The next chapter continues to developed the a/theology concept with a focus on virtual of doubt. Rather than trying to know everything completely, a/theology focuses on the Holy Saturday experience between the shock of the cross and the glory of Resurrection Sunday. Namely that the decision to follow Jesus on Holy Saturday, when the future is unknown, is the true decision while the same decision on Resurrection Sunday, when the future is certain, is a false decision. This embracement of doubt causes one to realize that “God is not revealed via our words but rather via the life of the transformed individual” (page 44).
The theme of doubt and mystery continues to build in chapter four with Rollins exploring how the “rediscovery of mystery, doubt, complexity and ambiguity in faith helps us come to a more appropriate understand of religious desire” (page xv). For Rollins, it is the “seeking” after God that is important rather than the “finding” Him as other traditions have done (page 53). This core thought behind this can be understood in the following statement:
“A true seeking after God results from an experience of God which one falls in love with for no reason other than finding God irresistibly lovable. In this way the lovers of God are the ones who are the most passionately in search of God” (page 53).
All of this mystery, doubt and complexity on whether one can fully talk about or understand God leads to question how we can understand which reading of the Bible is “good and which reading is not” (page 64). Rollins tackles this question in the fifth and final chapter of part one during which he “draws out the centrality of love in Christian thinking” (page xv). Rather than having an infinite number of ways in which one could interpret the Scriptures, love provides the boundaries that keep the interpretations in check. This prejudice of love is draw from Rollins view that it was the “central interpretive tool that Jesus employed when interpreting the scriptures” (page 65).

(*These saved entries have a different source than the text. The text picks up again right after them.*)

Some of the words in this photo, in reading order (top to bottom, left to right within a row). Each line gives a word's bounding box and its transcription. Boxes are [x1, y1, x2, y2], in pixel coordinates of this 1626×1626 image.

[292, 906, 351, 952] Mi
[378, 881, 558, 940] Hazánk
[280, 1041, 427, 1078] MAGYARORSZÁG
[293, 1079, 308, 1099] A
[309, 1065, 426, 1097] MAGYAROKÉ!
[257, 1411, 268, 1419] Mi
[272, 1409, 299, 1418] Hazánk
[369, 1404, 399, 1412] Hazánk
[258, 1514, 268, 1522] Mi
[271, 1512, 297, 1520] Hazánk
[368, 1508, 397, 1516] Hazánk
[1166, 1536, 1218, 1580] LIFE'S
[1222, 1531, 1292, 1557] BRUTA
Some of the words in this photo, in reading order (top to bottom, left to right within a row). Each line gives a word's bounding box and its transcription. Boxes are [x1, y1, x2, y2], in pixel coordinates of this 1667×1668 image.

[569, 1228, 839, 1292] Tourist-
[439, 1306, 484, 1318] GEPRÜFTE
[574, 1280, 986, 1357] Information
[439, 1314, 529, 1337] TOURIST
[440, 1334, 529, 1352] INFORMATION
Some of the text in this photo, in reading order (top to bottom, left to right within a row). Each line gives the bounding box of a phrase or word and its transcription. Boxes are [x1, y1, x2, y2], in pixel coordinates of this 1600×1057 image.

In reflecting on part one of Rollins book, I found myself really enjoying and agreeing with chapters one through four. The mystical concepts of the unknowable yet knowable God is something I have embraced over the years, primarily through the reading of the Eastern Orthodox branch of Christianity. In this tradition, they have something called apophatic theology which attempts to describe God by what He is not just like cataphatic theology seeks to describe Him by what He is. The back-and-forth nature of the Eastern Orthodox’s apophatic and cataphatic approaches to theology creates a sense of mystery which fits beautifully with Rollins a/theology viewpoint.
My main disagreement with Rollins is over the centrality of love in chapter five. Rather than seeing love as the central interpretive tool used by Jesus, I see Jesus embarking on the mission of God as seen through the lens of Kingdom Theology. God is the Creator King who created humanity in His image as a signpost to all of creation declaring His rule and reign. After breathing life into humanity, the Creator King beckons them to join Him in His mission to establish His kingdom throughout the earth. Jesus, in entering into a specific culture at a certain time and geographical location, joined His Father on this mission while destroying the works of the evil one and challenging the different contemporary interpretations of the kingdom. We, as followers of Jesus, are to embrace the mystery of the inaugurated eschatological kingdom established by Jesus and allow that mystery to guide us in how we view God and the Scriptures.